Well I've just gotten the FWWM DVD and am finally able to appreciate the film as it was intended to be seen and heard (or at least as close as possible outside of a theatre). It's unbelievable, and after watching it a
few times I was finally able to understand for myself what Lynch was doing here, and he's right; intuition is the key; just pay close attention to what you are seeing and your mind will intuit the rest. In fact, understanding this film was a truly exciting thing for me. What Lynch is actually doing here is thrilling. As much as Lynch would (and myself as well, but...) hate to hear someone give what they consider a definitive explanation for the film, I thought I would give some ideas about some of the most interesting moments. Any interpretation is viable, of course, but this is how I look at it.
First, the prologue: To understand the prologue one must understand something about the nature of the evil in this film. I see the denizens of the Black Lodge as the physical embodiment of the subconscious. That's what the Red Room is to me, the deepest levels of the subconscious, where there is an understanding going on that rational thought won't allow. For example, Laura doesn't want to think that Bob is really her father, but deep down she knows (or comes to know in the film). But Bob is really just the evil that men do, the darkest side of humanity, and he can be inside of anybody. Since Bob is just a personification of this idea and doesn't literally exist, he really can't be caught, because eradicating Bob (and the other members of the Black Lodge) would be eradicating all the pain and suffering in this world, and that will never happen.
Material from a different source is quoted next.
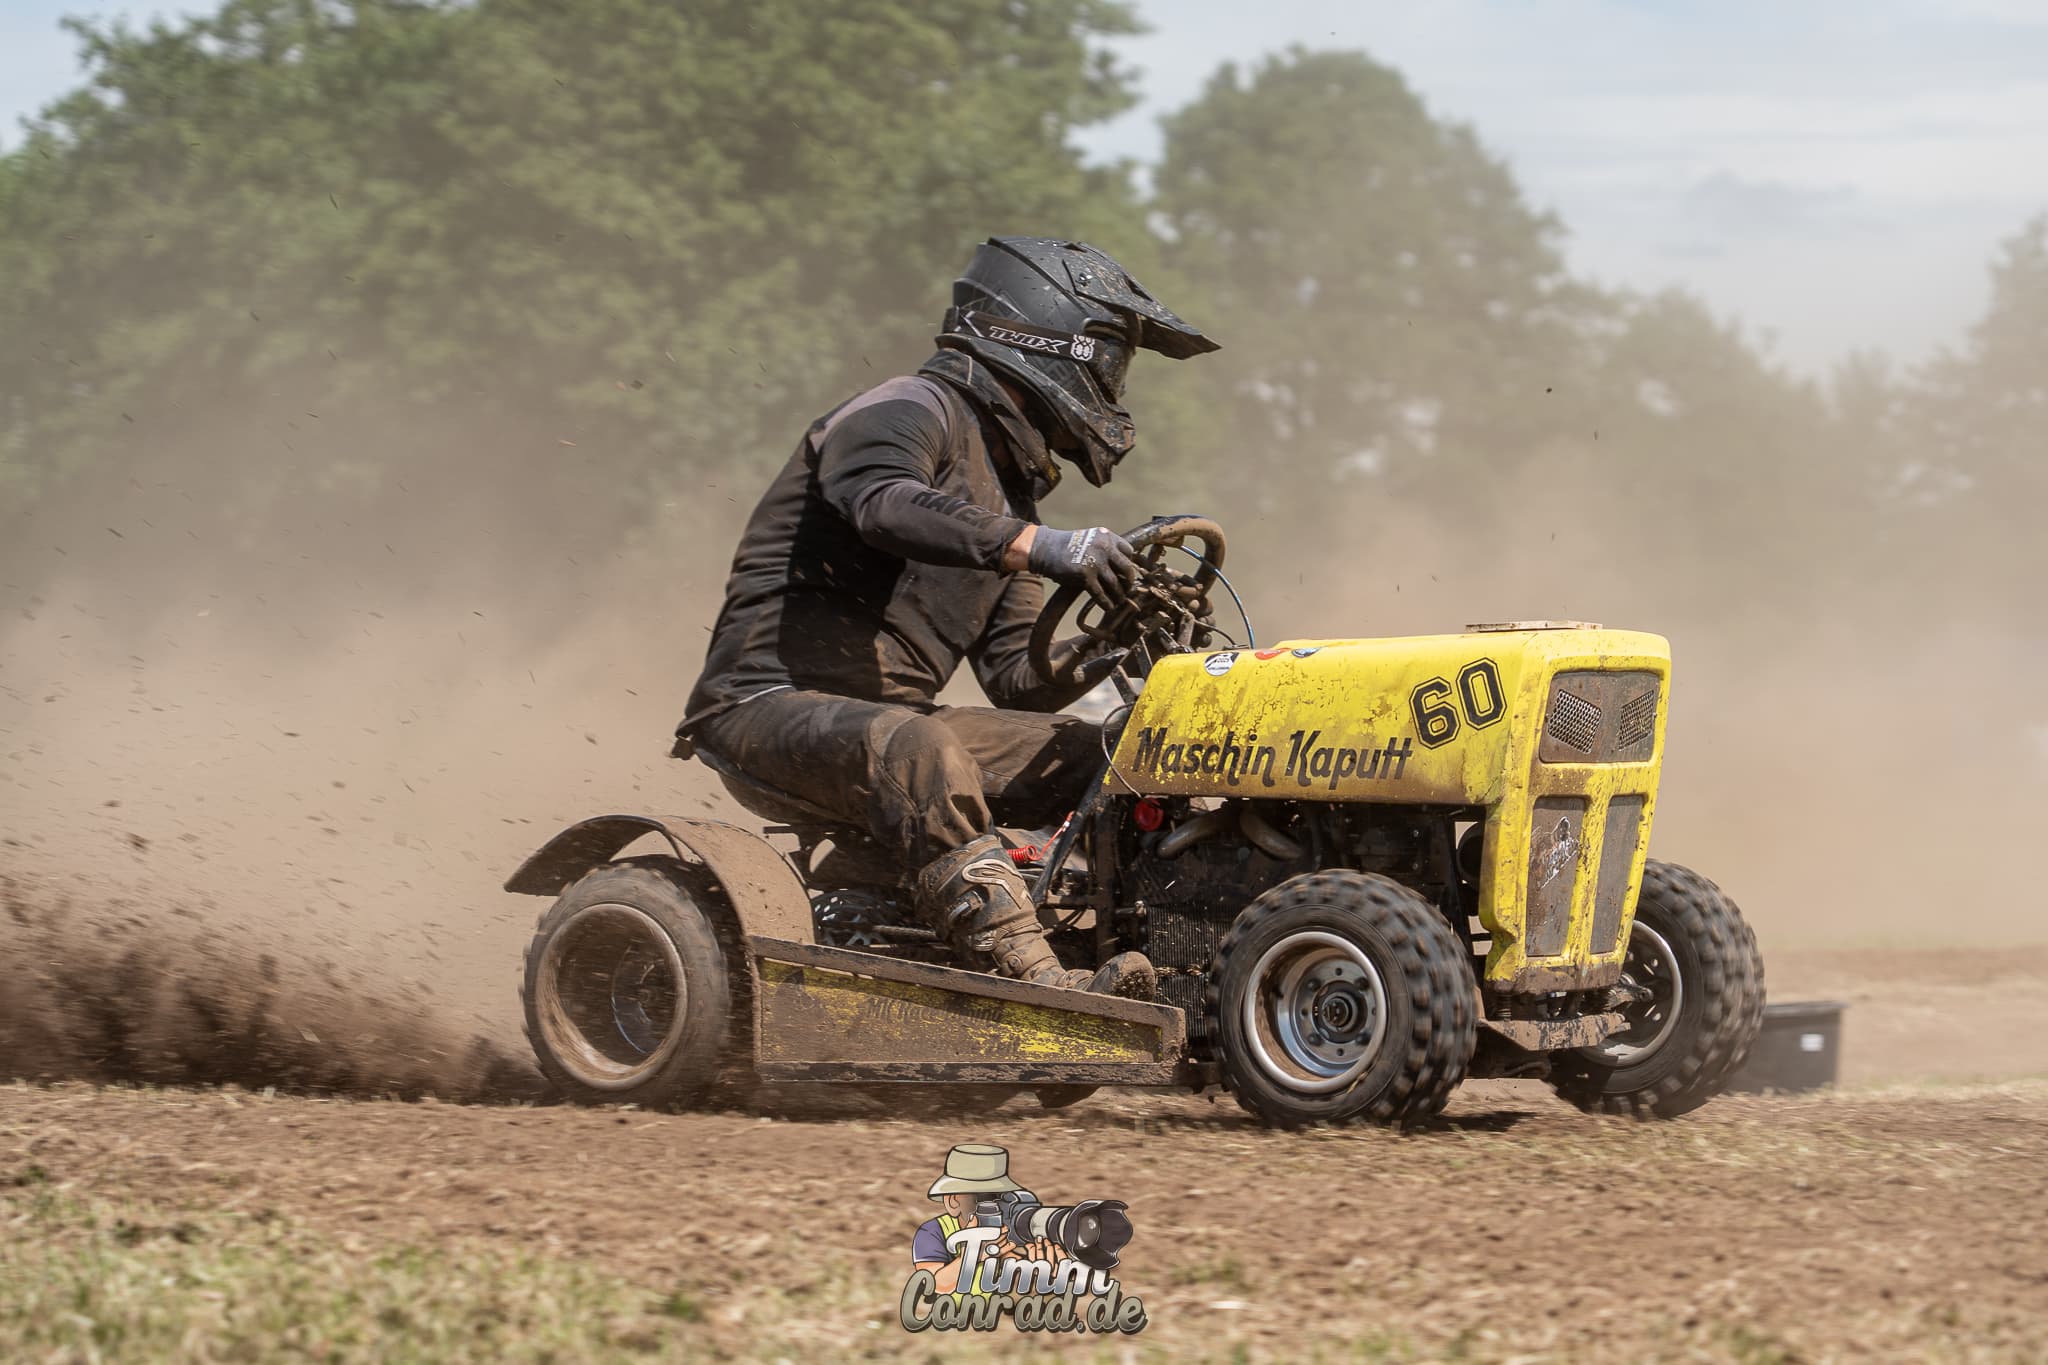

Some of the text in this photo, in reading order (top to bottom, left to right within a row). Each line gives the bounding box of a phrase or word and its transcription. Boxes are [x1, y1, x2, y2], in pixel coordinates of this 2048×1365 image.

In the prologue, Chet Desmond and Sam Stanley come across perhaps the most unhelpful town on the planet. Much has been made of how this place is purposefully the opposite of Twin Peaks, but I don't think that's the point. The unhelpfulness is the result of the town knowing that no matter how many FBI agents are brought in, you can't get rid of what killed Theresa Banks; you can't get rid of violence. They treat the two with disdain because they realize the fruitlessness of their search. Lynch emphasizes the strict use of code (Lil) and constantly has characters asking what time it is to give an air of precision, but nothing gets accomplished. The electricity reference is simply marking the presence of something bad in the area. So, a lot of investigation occurs with nothing being accomplished. Theresa Banks is dead and will remain so.
Perhaps the most obscure point in the film is the sequence with David Bowie. To make this short, Cooper's image freezes in the security camera because the members of the Black Lodge have stopped time for a second, also apparently causing a rip in whatever fabric divides this world and the Lodge. This allows Jeffries to breifly crossover, apparently while the members of the Lodge are having a meeting. This bizarre meeting with the grandson, Bob, etc. is happening at the same time Jeffries appears in FBI headquarters. He says it in voiceover: "I've been to one of their meetings". The meeting is to choose another victim. The Man from Another Place is telling Bob to get more Garmonbozia (pain and suffering, which takes the form of creamed corn) for him. "With this ring, I thee wed", he says, talking about Laura. "Fell a victim", says the grandson, also talking about her. The man in the chair with the beard makes a bizarre hand motion, as if saying "and so it shall be done". Bob and The Man from Another Place are shown walking through the Red Room, on their way out after the meeting, to go get Laura. The meeting over, the rip closes, and Jeffries goes back to the Lodge. Keep in mind however that none of this is really literal, although you have to talk about it that way in the context of the scene. It's the film's way of saying that something bad is happening again, someone else is going to be the victim of violence. The monkey underneath the mask is sort of like a fetus, or like a birth. They've given birth to this evil which will grow and grow and grow until Laura is murdered, and the garmonbozia is given to The Man from Another Place. After this, the murderous thirst is quenched, and the monkey reappears, indicating that things are once again calm but will once again grow (this happens at the end of the film). And of course in the series, Madeline dies.
Some quicker explanations: Laura talking to Harold, saying "Fire Walk with Me, ME!!" is her talking about her temptation to degrade herself. "He says he wants to be me or he'll kill me". This is Lynch telling us in an incredibly unique way that the abuse she's had from her father is turning into self abuse.
The old lady and the grandson are like the gatekeepers of the Black Lodge, allowing one to enter and exit. In the literal world, they are Laura's very first inclinations that Bob may be her father. The picture is just saying that she needs to go into her subconscious to find the answer, which she does that night. "Don't take the ring", says Cooper (meaning don't be another victim; do something about your situation). After Annie appears, Laura walks toward her door. On the soundtrack you can hear her mom calling Laura, which references the morning after she was murdered and her mom couldn't find her. She looks out at the stairs; in about two days, her mom will come up these stairs to find Luara missing. She is also in the picture looking out the door, meaning she has exited the Black Lodge, or her deepest subconscious, and is back in the rational world, almost. This is her first realization that things might get really bad soon.
Anyway, just some observations, but I'm probably running out of words, so I'll stop now.